Motion detectors track a person's movement. Family members or friends can track the movement or non-movement from their computers, without being too intrusive.
"If you put them by the bedside or by the bathroom door, you know that mom has gotten up in the middle of the night," Dr. Krotish said.
New research shows 30 percent of people who end up in nursing homes do so because they couldn't manage their medication.
Well—pill dispensers have come a long way, from a box with pills divided by day to an automated pill dispenser. A caregiver can load several days' worth of medicine and the machine is coded to deliver the right amount at the right time.
And a blood pressure cuff and scale sends data by Bluetooth to an online system that family members and caregivers can access.
These are four ways to keep seniors safe and at home.
No single private insurance plan or public program pays for all types of assistive technology.

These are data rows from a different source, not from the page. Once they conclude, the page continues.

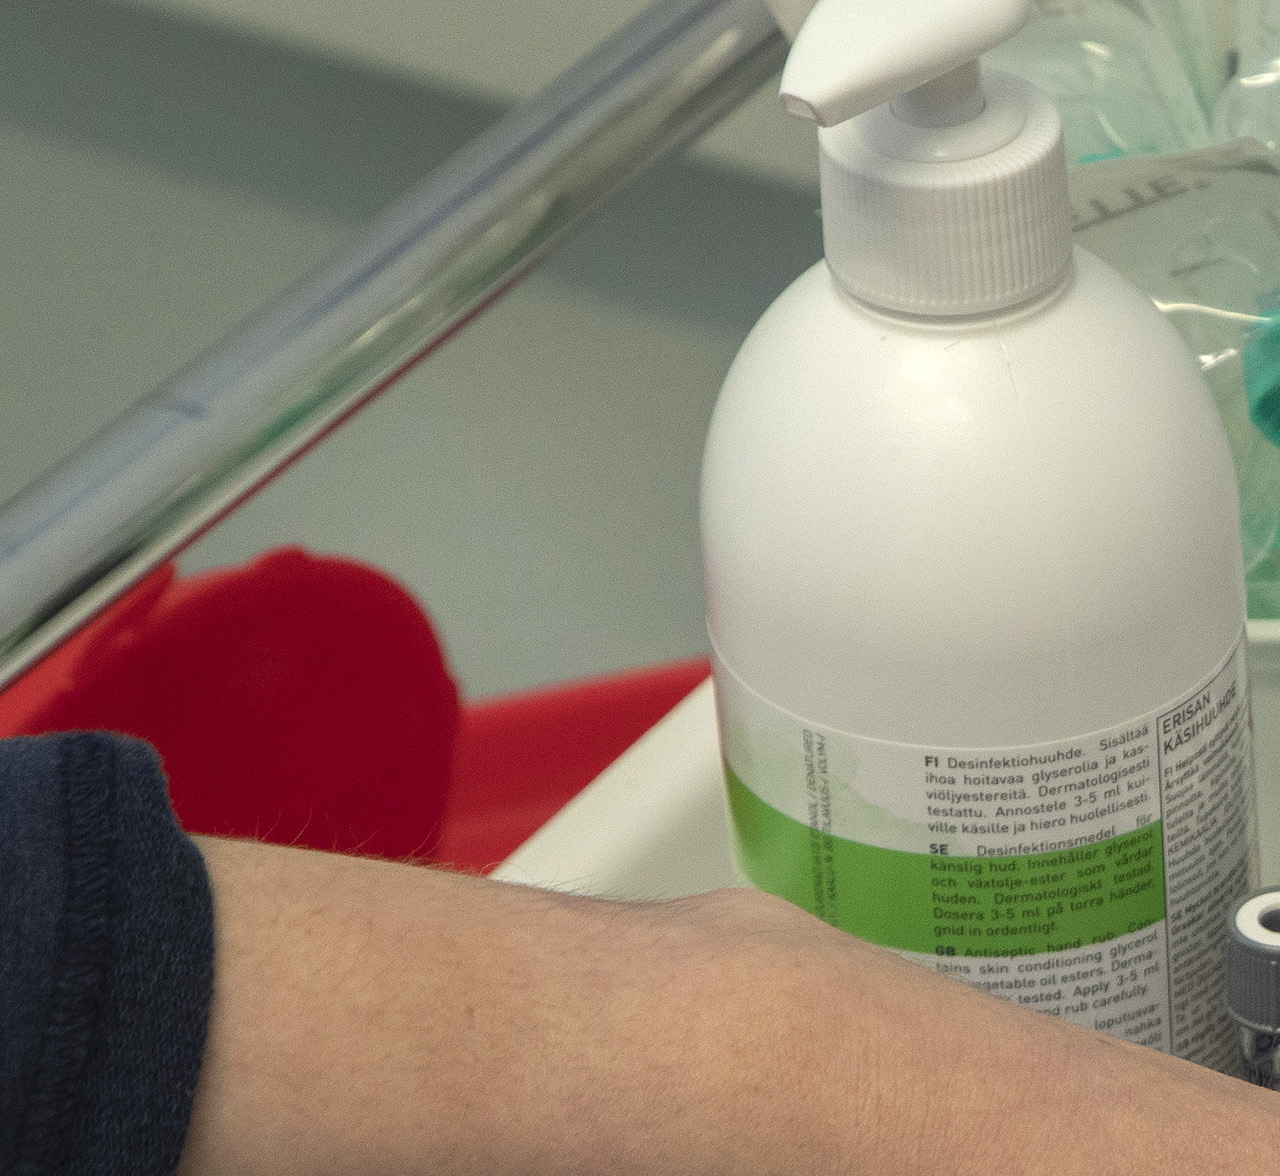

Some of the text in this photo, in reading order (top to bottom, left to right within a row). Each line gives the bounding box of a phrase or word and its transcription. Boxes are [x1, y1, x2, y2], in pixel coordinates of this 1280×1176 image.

[1162, 691, 1211, 735] ERISAN
[1164, 681, 1237, 755] KÄSIHUUHDE
[925, 725, 1149, 770] FI Desinfektiohuuhde. Sisältää
[925, 774, 956, 786] ihoa
[963, 774, 1024, 786] hoitavaa
[1031, 760, 1099, 785] glyserolia
[1105, 755, 1116, 769] ja
[1038, 757, 1150, 798] Dermatologisesti
[927, 806, 987, 819] testattu.
[995, 800, 1067, 818] Annostele
[1074, 792, 1098, 808] 3-5
[1103, 786, 1121, 801] ml
[928, 822, 957, 835] ville
[962, 820, 1009, 835] käsille
[1013, 820, 1026, 836] ja
[1030, 816, 1066, 831] hiero
[929, 843, 949, 856] SE
[976, 826, 1116, 858] Desinfektionsmedel
[930, 860, 983, 876] känslig
[1027, 849, 1099, 871] Innehåller
[931, 877, 957, 889] och
[1077, 863, 1105, 879] som
[994, 879, 1103, 905] Dermatologiskt
[933, 907, 984, 921] Dosera
[1021, 906, 1040, 919] ml
[1047, 903, 1064, 920] på
[1069, 896, 1104, 914] torra
[934, 922, 964, 939] gnid
[968, 922, 982, 936] in
[979, 963, 1009, 976] skin
[1017, 949, 1103, 975] conditioning
[1109, 929, 1159, 960] glycerol
[1046, 938, 1082, 953] hand
[966, 977, 1036, 993] egetable
[1039, 975, 1057, 988] oil
[1073, 980, 1111, 999] Apply
[1115, 970, 1139, 988] 3-5
[1143, 961, 1161, 977] ml
[1064, 1002, 1089, 1015] rub
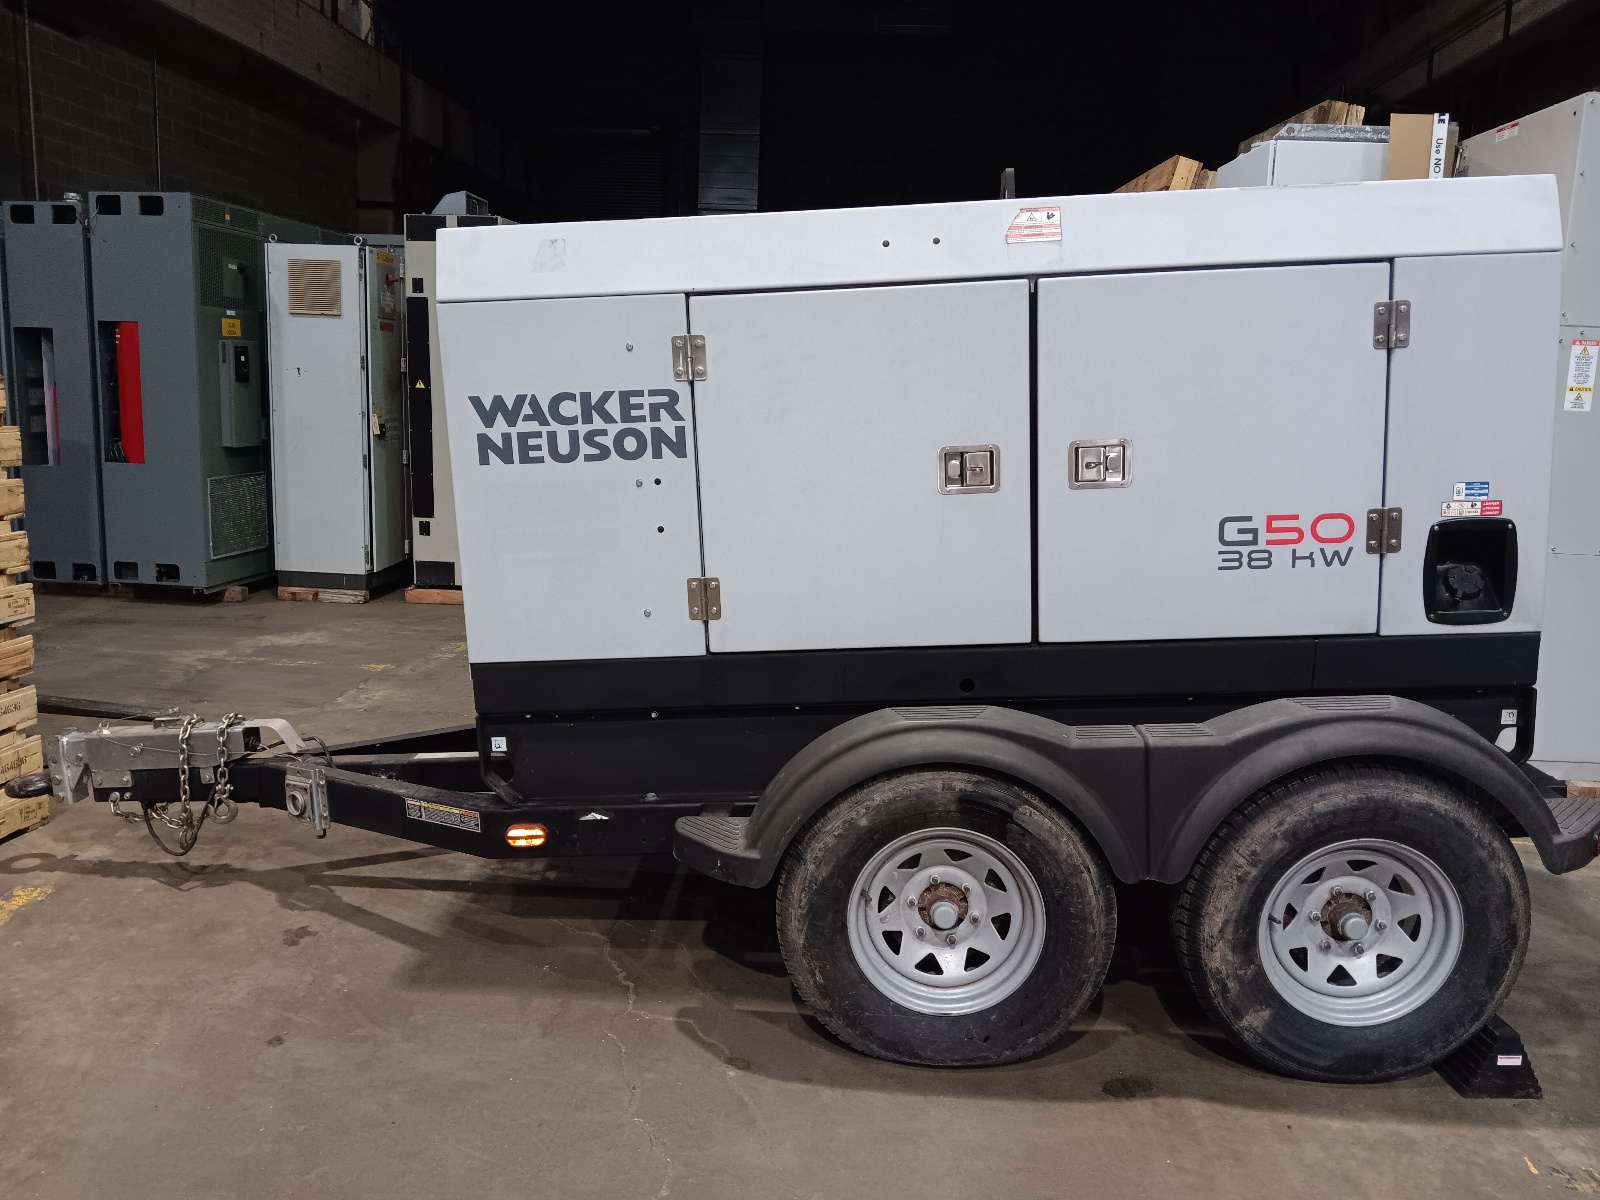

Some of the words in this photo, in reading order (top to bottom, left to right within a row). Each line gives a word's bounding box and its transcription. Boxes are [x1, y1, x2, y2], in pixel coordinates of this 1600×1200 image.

[1435, 138, 1444, 154] Use
[1434, 158, 1442, 174] NO
[467, 388, 686, 428] WACKER
[476, 425, 688, 466] NEUSON
[1218, 512, 1356, 547] G50
[1217, 549, 1273, 570] 38

Medicare pays for up to 80 percent of the cost of what it calls durable medical equipment.
The U.S. Department of Veterans Affairs offers more extensive financial assistance for veterans needing it.

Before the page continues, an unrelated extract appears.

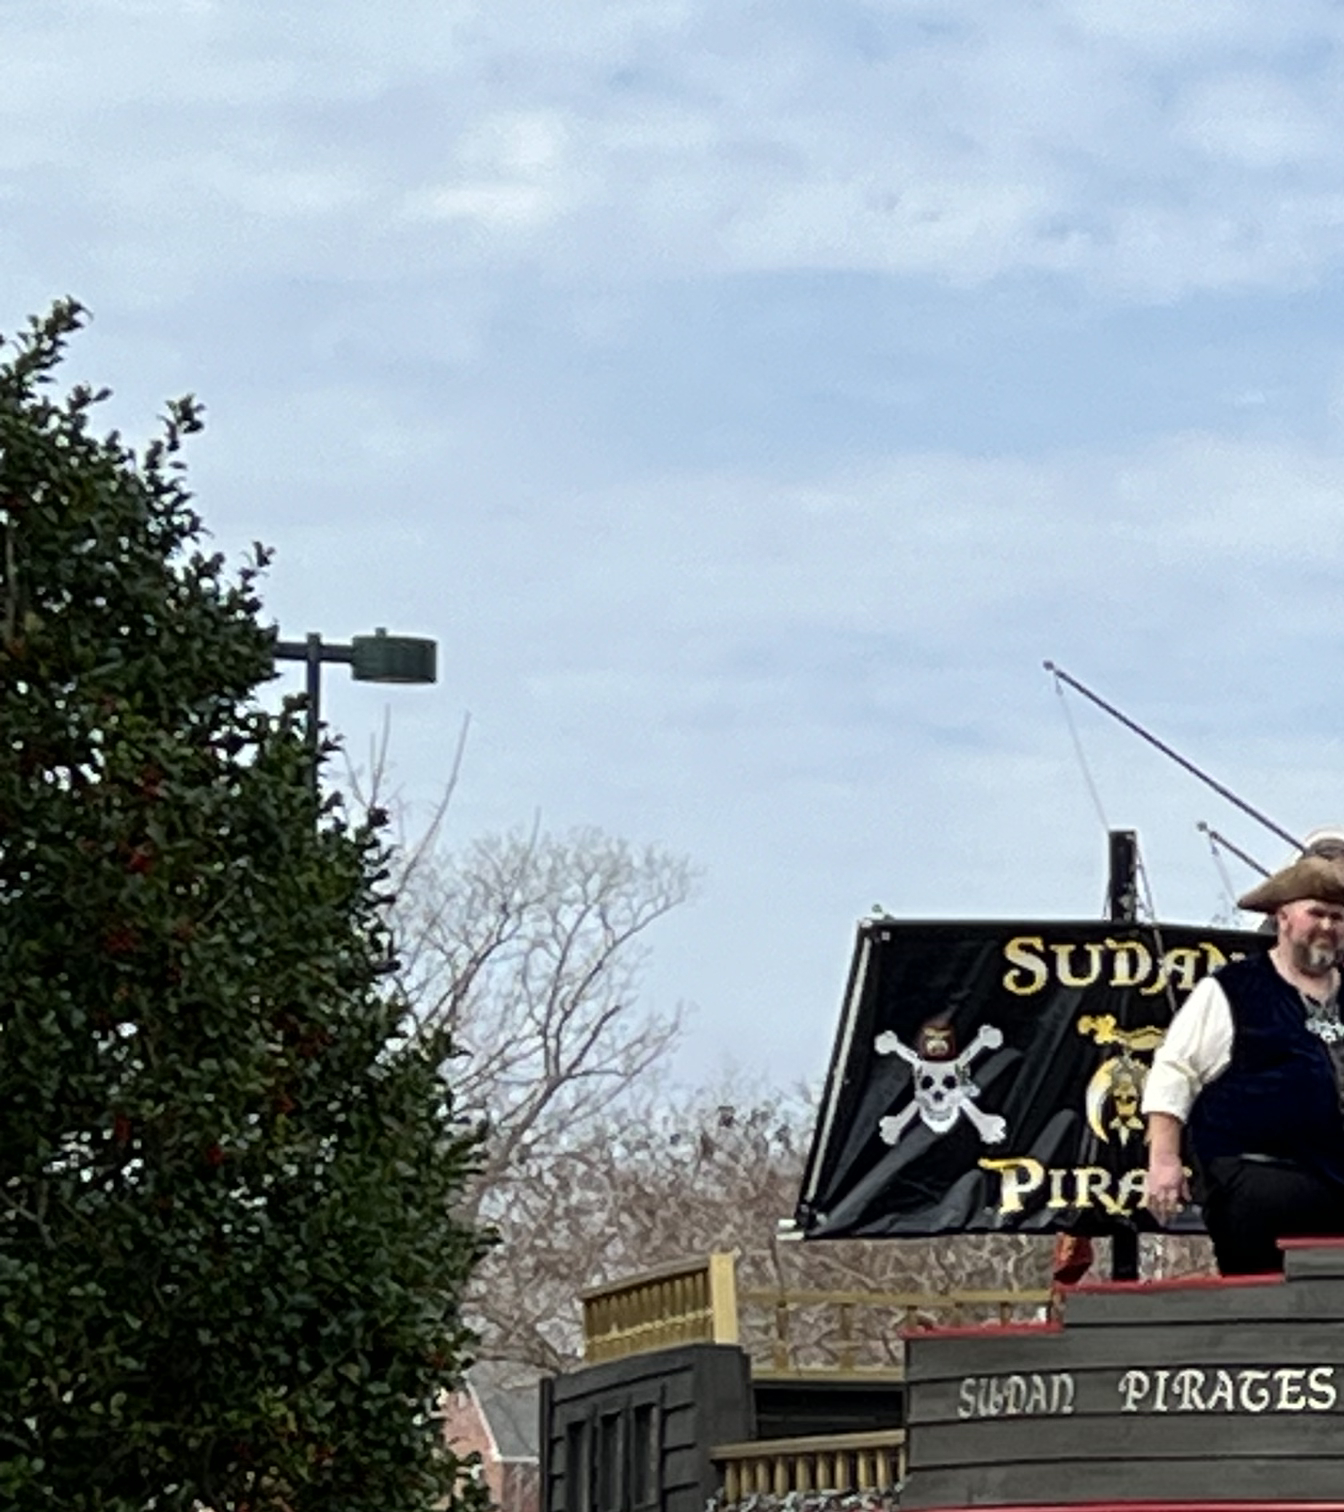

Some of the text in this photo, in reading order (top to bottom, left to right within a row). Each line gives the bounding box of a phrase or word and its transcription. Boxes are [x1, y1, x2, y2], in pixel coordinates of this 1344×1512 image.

[977, 1157, 1193, 1216] PIRA
[957, 1366, 1338, 1419] SUDAN PIRATES

BACKGROUND: Thanks to advanced medical care and increasing life expectancies, many more Americans are growing older. According to the United States Census Bureau, 7.5 million senior women and 2.6 million senior men live alone. While living alone can offer individuals a sense of independence, there are many challenges these seniors face. For example, one major concern is their security and safety. Another concern is falls. According to the Centers for Disease Control and Prevention, falls are the leading cause of injury and death among the elderly. One in three adults aged 65 and older falls every year. Another concern for seniors living on their own is medication errors. It can be difficult juggling a schedule of different drugs. A study published in the Archives of Internal Medicine in 2008 revealed more deaths from medication errors occurred at home than in hospitals, from January 1983 through December 2004. (Source: www.cdc.gov)
TECHNOLOGY: A WATCHFUL EYE: New home technologies are allowing seniors to remain in their own home longer while improving their safety. Such technologies can range from computer controlled network interfaces to monitoring devices like lighting, motion sensors, environmental controls, video cameras, automated timers, emergency assistance programs and alerts. Also, vibration detectors can be placed on the surface of a floor to detect if a person has fallen and notify caregivers. Motion detectors track a person's movement. Prices range from $200 to $2,000. (Source: http://www.ncbi.nlm.nih.gov/pubmed/19163748)
AUTOMATIC PILL DISPENSER: New research shows 30 percent of people who end up in nursing homes do so because they couldn't manage their medication. New technology to help cope with this incidence is an automatic medication dispenser, like the MD2 Reminder System. A caregiver can load several days of medication in and the machine is coded to deliver the right amount at the right time. Some can even be locked to prevent people with dementia from taking the wrong medicine at the wrong time. If a dosage is missed, caregivers are contacted. Prices for these types of dispensers can range from $59 to $75. (Source: http://www.epill.com/lifelinemd2.html)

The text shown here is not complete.